Music streaming service Spotify bridges the gap between parental leave and the return to work with a rare benefit — a structured Welcome Back program for parents.

 

In just the last few years, the availability of company-paid parental leave has skyrocketed, particularly in the tech sector. In August 2015, Netflix made headlines by offering employees “unlimited” parental leave in the first year after childbirth or adoption, and many companies leapt at the chance to offer a competing benefit. In fact, the Society of Human Resource Management found that the number of companies offering paid maternity leapt from 12 percent in 2014 to 21 percent in 2015.

     Spotify’s New York City office (Photo: Spotify)

While gains in paid parental leave are emerging at the company level, there’s been little talk of what happens when leave ends, and parents return to work. The digital music streaming service Spotify has taken on that aspect of the parental leave conversation by introducing a flexible “Welcome Back” program to help ease the transition back to work with options including working from home, on a part-time basis, or with flexible hours for the month after their parental leave.

“We know that following a period of parental leave, the transition back to work can be tricky,” wrote Katarina Berg, Spotify’s chief human resources officer. “We wanted our employees to be able to spend important time with their family. We believe this is good for them, for Spotify, and for society.”

Paid leave and a well-planned transition back into work are indeed helpful for mothers who plan to continue working after the birth of their children. Researchers at the Center for Women and Work at Rutgers University note that women who are forced to quit their jobs during pregnancy, due to lack of job protection or because they require more leave than FMLA offers, struggle to re-enter the workforce. But, their research also showed that women who took a paid leave after the birth of a child were 93 percent more likely to be employed at nine to 12 months postpartum, and women who took a paid leave of 30 days or more were 54 percent more likely to report wage increases in the year following the child’s birth than women who took no leave.

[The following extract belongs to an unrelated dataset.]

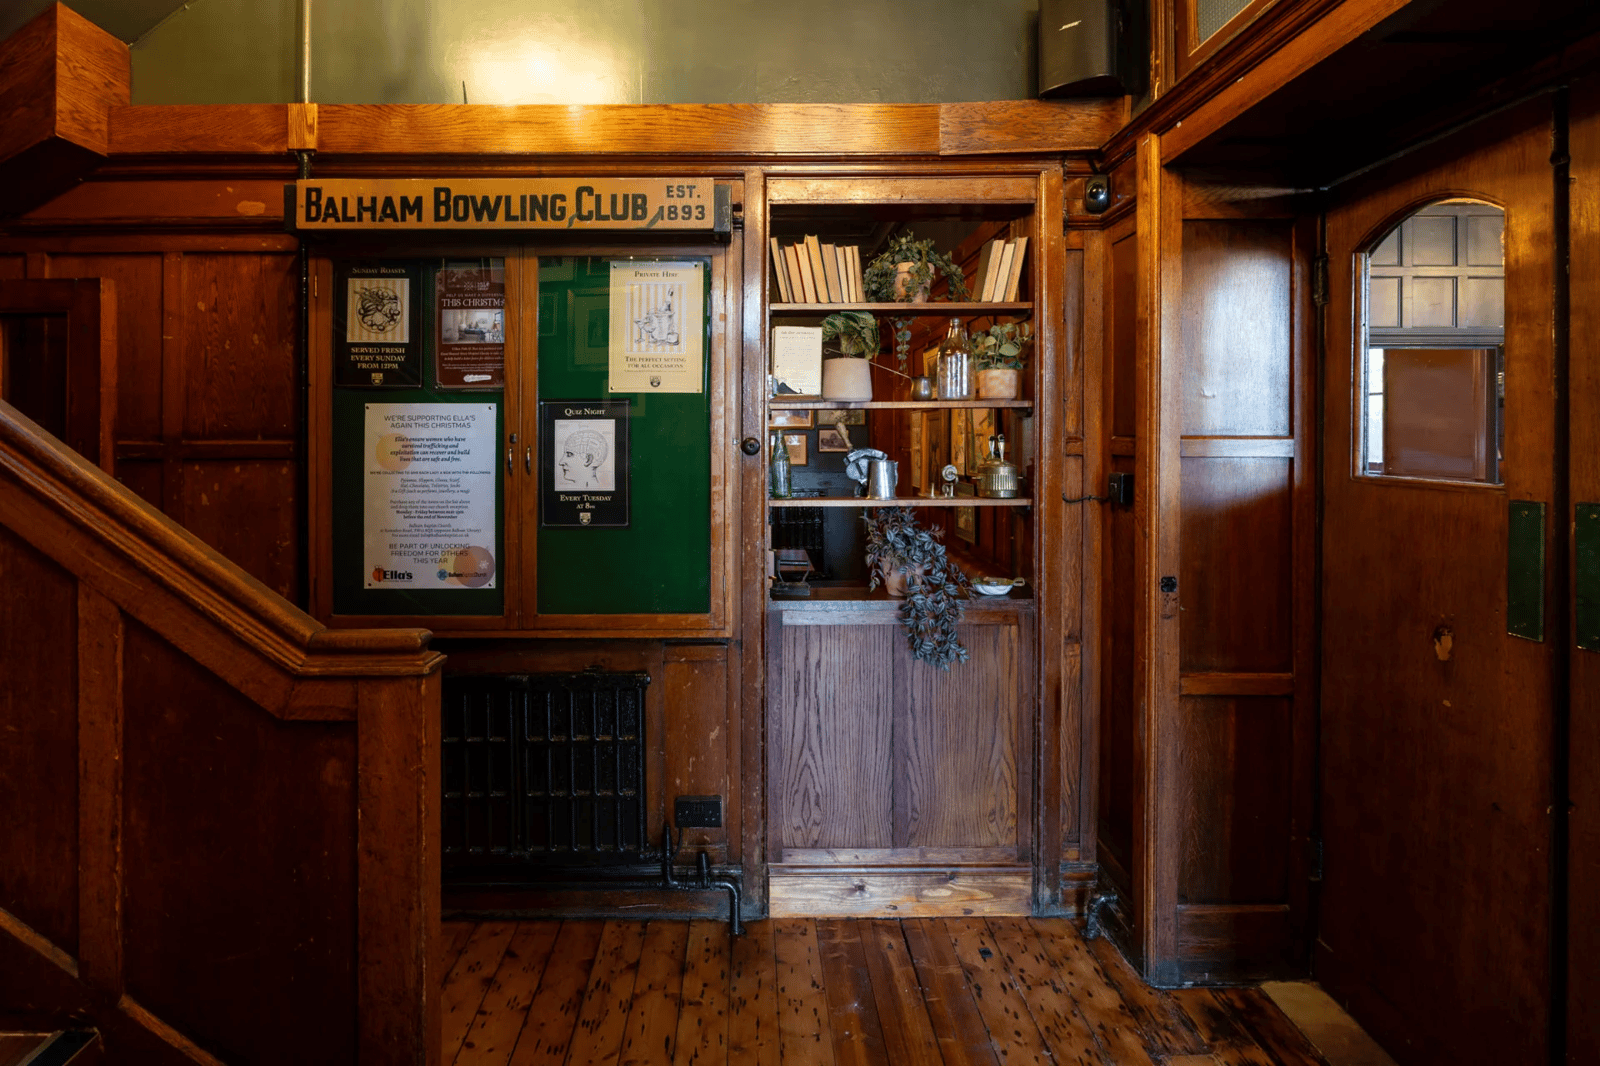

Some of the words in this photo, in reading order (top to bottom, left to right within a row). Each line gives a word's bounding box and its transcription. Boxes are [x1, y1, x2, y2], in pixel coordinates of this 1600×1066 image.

Spotify — a co-host and sponsor of the annual Women in Tech event — is committed to diversity in their workforce and believes that providing an adaptable parental leave and flexible re-entry program help ensure that, Berg says. Its parental leave program itself is already substantial, with up to six months’ leave, at 100 percent pay, available at any time up to a child’s third birthday. Employees are encouraged to take the full time off, Berg says, with the option of taking it all at once or splitting it up.

Katarina Berg (Photo: Spotify)

Americans are notoriously bad at using paid time off, leaving 429 million vacation days unused per year, according to Project Time Off, which highlights the dangers of overworking and calls employees who waste their vacation days “work martyrs.” That hesitance to use paid time off extends to parental leave, stemming from a perceived pressure to get back to work as soon as possible, according to The New York Times.

But Berg is confident that employees of London-based Spotify — even the American employees — will take advantage of the generous leave and the flexible Welcome Back program. “This policy best defines who we are as a company,” Berg wrote, “born out of a Swedish culture that places an emphasis on a healthy work/family balance, gender equality and the ability for every parent to spend quality time with the people that matter most in their lives.”

“We strongly believe that when people grow, we as a company grow,” Berg says. “And when people develop, our company develops. It is not much more complicated than that.”